#### Try it
Without the pictures, give the listing below again exactly.

* * *

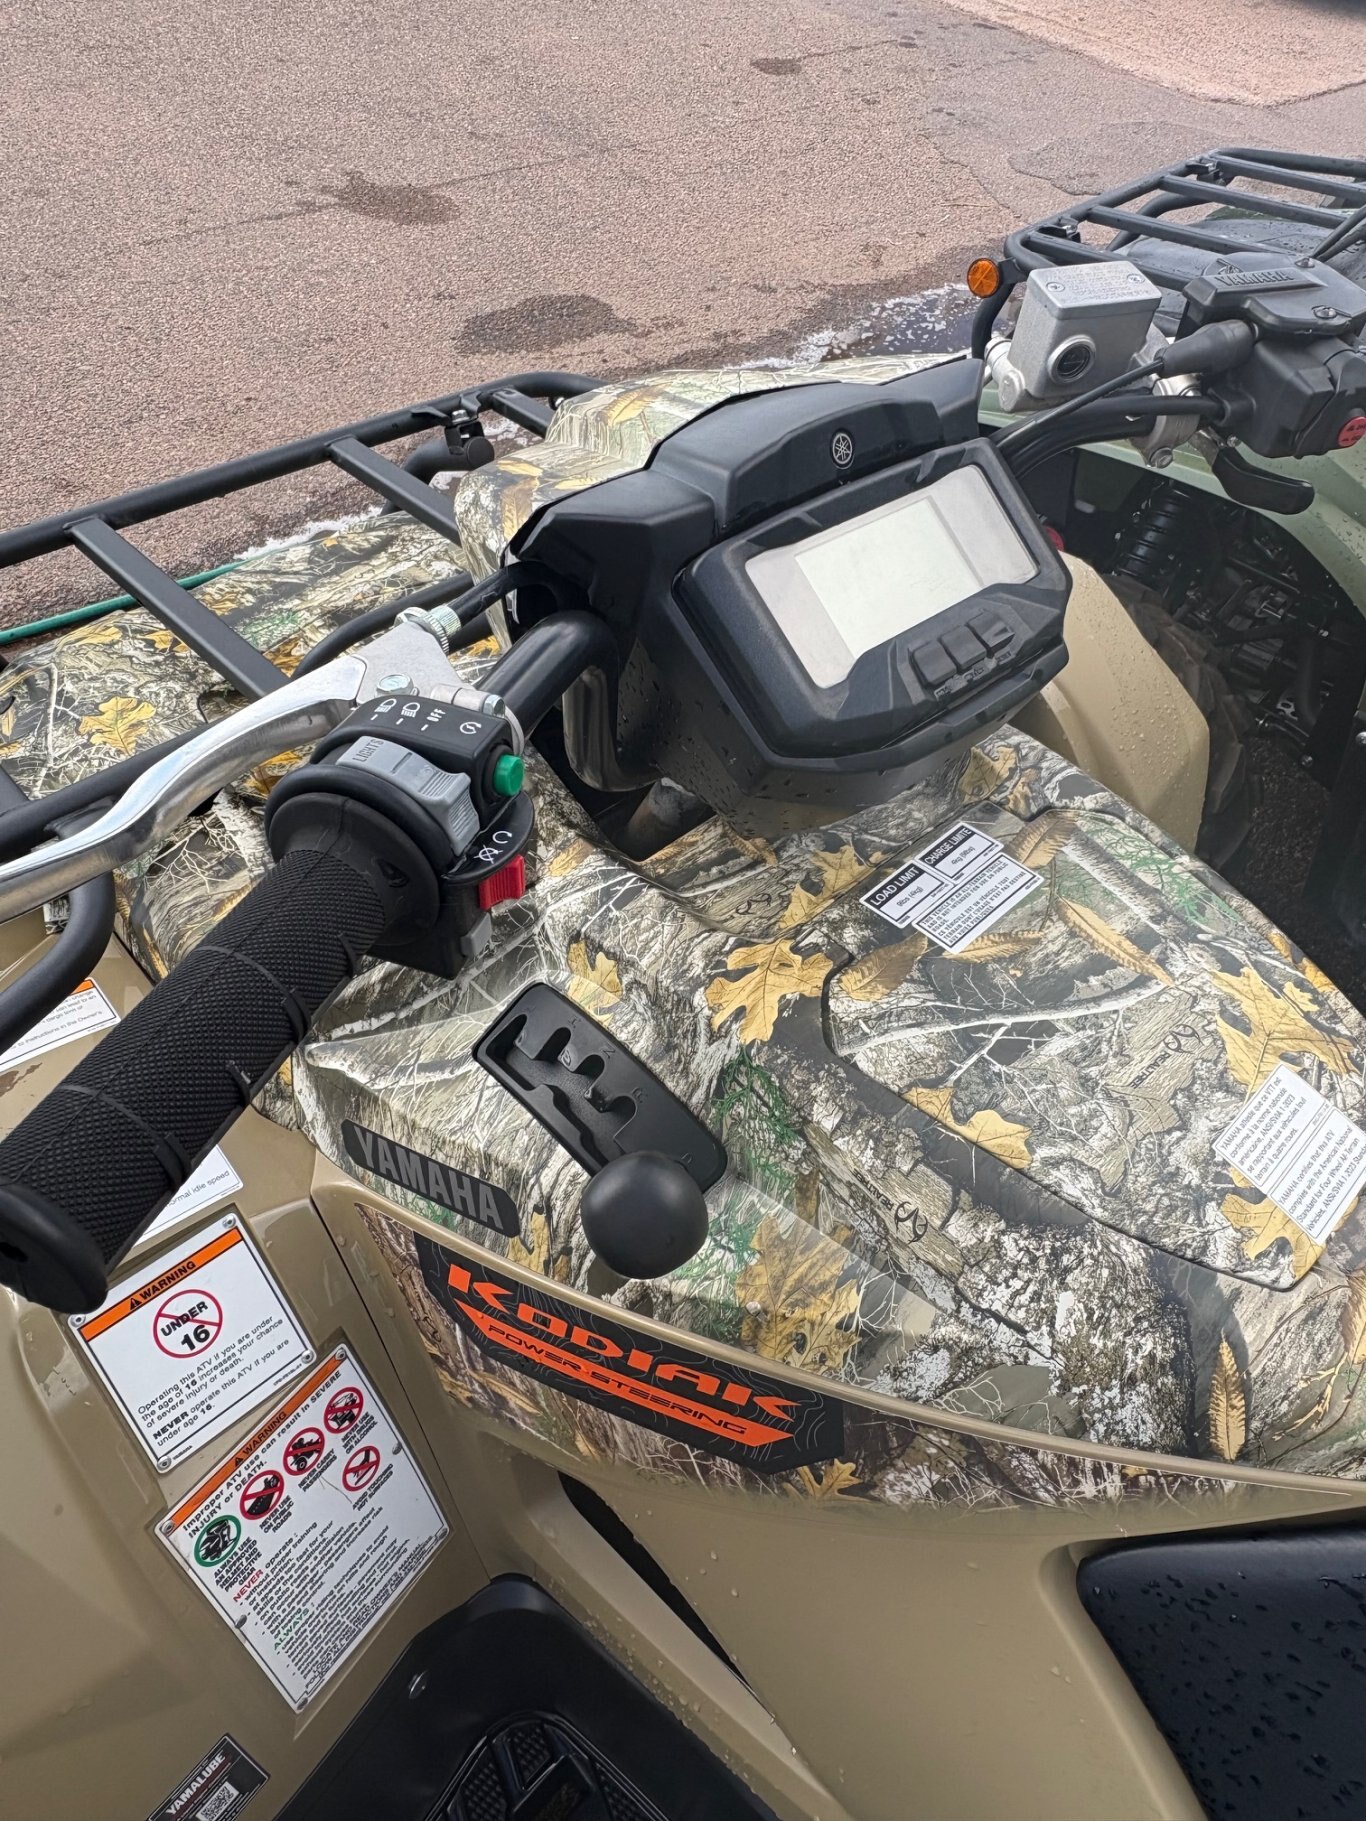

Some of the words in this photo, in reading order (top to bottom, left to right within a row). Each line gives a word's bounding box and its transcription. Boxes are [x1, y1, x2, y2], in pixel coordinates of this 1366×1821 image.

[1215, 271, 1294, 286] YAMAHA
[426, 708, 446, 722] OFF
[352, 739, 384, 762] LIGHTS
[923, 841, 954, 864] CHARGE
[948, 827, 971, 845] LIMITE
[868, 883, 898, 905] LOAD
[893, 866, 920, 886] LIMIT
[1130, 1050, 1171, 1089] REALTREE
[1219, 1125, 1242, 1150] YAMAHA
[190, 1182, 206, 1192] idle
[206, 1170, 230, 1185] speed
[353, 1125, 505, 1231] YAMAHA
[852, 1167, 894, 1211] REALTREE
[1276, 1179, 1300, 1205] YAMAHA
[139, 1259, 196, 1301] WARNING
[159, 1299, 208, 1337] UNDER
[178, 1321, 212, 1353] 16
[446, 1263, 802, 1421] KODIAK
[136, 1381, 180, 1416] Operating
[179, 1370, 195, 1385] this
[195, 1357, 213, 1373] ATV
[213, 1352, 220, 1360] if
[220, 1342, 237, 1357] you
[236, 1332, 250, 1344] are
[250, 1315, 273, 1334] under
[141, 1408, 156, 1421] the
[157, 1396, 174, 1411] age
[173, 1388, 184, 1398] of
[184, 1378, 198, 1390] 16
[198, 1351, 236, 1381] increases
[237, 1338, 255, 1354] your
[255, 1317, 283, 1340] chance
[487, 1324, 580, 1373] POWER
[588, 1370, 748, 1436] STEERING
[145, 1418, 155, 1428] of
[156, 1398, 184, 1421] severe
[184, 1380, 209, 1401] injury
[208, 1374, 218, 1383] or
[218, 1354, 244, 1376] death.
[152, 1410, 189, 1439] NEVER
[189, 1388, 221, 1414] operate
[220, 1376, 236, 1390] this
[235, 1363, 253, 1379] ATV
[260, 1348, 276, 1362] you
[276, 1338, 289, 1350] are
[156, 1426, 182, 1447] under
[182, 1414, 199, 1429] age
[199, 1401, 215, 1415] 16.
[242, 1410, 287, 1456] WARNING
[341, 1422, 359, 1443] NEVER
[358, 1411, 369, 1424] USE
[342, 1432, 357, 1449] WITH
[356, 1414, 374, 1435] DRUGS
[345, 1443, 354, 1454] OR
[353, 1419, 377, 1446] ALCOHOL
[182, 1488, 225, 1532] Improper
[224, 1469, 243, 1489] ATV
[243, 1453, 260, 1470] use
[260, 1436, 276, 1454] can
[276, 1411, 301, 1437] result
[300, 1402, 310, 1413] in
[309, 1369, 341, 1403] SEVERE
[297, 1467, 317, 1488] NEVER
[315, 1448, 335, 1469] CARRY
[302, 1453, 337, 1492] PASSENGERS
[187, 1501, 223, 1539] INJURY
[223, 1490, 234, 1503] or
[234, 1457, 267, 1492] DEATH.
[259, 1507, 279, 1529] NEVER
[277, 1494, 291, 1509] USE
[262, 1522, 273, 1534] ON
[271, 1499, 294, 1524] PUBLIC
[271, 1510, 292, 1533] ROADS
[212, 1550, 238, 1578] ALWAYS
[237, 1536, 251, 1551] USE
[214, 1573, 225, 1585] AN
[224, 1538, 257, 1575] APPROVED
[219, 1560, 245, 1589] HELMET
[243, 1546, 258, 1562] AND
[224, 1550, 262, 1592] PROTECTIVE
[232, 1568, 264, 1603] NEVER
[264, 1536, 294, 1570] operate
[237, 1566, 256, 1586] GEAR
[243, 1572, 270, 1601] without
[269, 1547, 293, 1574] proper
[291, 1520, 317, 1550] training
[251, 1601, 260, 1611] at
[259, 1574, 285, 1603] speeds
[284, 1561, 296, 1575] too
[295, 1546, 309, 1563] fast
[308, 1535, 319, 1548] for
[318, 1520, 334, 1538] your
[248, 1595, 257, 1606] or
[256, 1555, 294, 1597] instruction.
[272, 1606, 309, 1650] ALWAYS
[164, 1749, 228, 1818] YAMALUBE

* * *

#### Your response
Some of the words in this photo, in reading order (top to bottom, left to right within a row). Each line gives a word's bounding box and its transcription. Boxes are [x1, y1, x2, y2], in pixel coordinates of this 1366×1821 image.

[1215, 271, 1294, 286] YAMAHA
[426, 708, 446, 722] OFF
[352, 739, 384, 762] LIGHTS
[923, 841, 954, 864] CHARGE
[948, 827, 971, 845] LIMITE
[868, 883, 898, 905] LOAD
[893, 866, 920, 886] LIMIT
[1130, 1050, 1171, 1089] REALTREE
[1219, 1125, 1242, 1150] YAMAHA
[190, 1182, 206, 1192] idle
[206, 1170, 230, 1185] speed
[353, 1125, 505, 1231] YAMAHA
[852, 1167, 894, 1211] REALTREE
[1276, 1179, 1300, 1205] YAMAHA
[139, 1259, 196, 1301] WARNING
[159, 1299, 208, 1337] UNDER
[178, 1321, 212, 1353] 16
[446, 1263, 802, 1421] KODIAK
[136, 1381, 180, 1416] Operating
[179, 1370, 195, 1385] this
[195, 1357, 213, 1373] ATV
[213, 1352, 220, 1360] if
[220, 1342, 237, 1357] you
[236, 1332, 250, 1344] are
[250, 1315, 273, 1334] under
[141, 1408, 156, 1421] the
[157, 1396, 174, 1411] age
[173, 1388, 184, 1398] of
[184, 1378, 198, 1390] 16
[198, 1351, 236, 1381] increases
[237, 1338, 255, 1354] your
[255, 1317, 283, 1340] chance
[487, 1324, 580, 1373] POWER
[588, 1370, 748, 1436] STEERING
[145, 1418, 155, 1428] of
[156, 1398, 184, 1421] severe
[184, 1380, 209, 1401] injury
[208, 1374, 218, 1383] or
[218, 1354, 244, 1376] death.
[152, 1410, 189, 1439] NEVER
[189, 1388, 221, 1414] operate
[220, 1376, 236, 1390] this
[235, 1363, 253, 1379] ATV
[260, 1348, 276, 1362] you
[276, 1338, 289, 1350] are
[156, 1426, 182, 1447] under
[182, 1414, 199, 1429] age
[199, 1401, 215, 1415] 16.
[242, 1410, 287, 1456] WARNING
[341, 1422, 359, 1443] NEVER
[358, 1411, 369, 1424] USE
[342, 1432, 357, 1449] WITH
[356, 1414, 374, 1435] DRUGS
[345, 1443, 354, 1454] OR
[353, 1419, 377, 1446] ALCOHOL
[182, 1488, 225, 1532] Improper
[224, 1469, 243, 1489] ATV
[243, 1453, 260, 1470] use
[260, 1436, 276, 1454] can
[276, 1411, 301, 1437] result
[300, 1402, 310, 1413] in
[309, 1369, 341, 1403] SEVERE
[297, 1467, 317, 1488] NEVER
[315, 1448, 335, 1469] CARRY
[302, 1453, 337, 1492] PASSENGERS
[187, 1501, 223, 1539] INJURY
[223, 1490, 234, 1503] or
[234, 1457, 267, 1492] DEATH.
[259, 1507, 279, 1529] NEVER
[277, 1494, 291, 1509] USE
[262, 1522, 273, 1534] ON
[271, 1499, 294, 1524] PUBLIC
[271, 1510, 292, 1533] ROADS
[212, 1550, 238, 1578] ALWAYS
[237, 1536, 251, 1551] USE
[214, 1573, 225, 1585] AN
[224, 1538, 257, 1575] APPROVED
[219, 1560, 245, 1589] HELMET
[243, 1546, 258, 1562] AND
[224, 1550, 262, 1592] PROTECTIVE
[232, 1568, 264, 1603] NEVER
[264, 1536, 294, 1570] operate
[237, 1566, 256, 1586] GEAR
[243, 1572, 270, 1601] without
[269, 1547, 293, 1574] proper
[291, 1520, 317, 1550] training
[251, 1601, 260, 1611] at
[259, 1574, 285, 1603] speeds
[284, 1561, 296, 1575] too
[295, 1546, 309, 1563] fast
[308, 1535, 319, 1548] for
[318, 1520, 334, 1538] your
[248, 1595, 257, 1606] or
[256, 1555, 294, 1597] instruction.
[272, 1606, 309, 1650] ALWAYS
[164, 1749, 228, 1818] YAMALUBE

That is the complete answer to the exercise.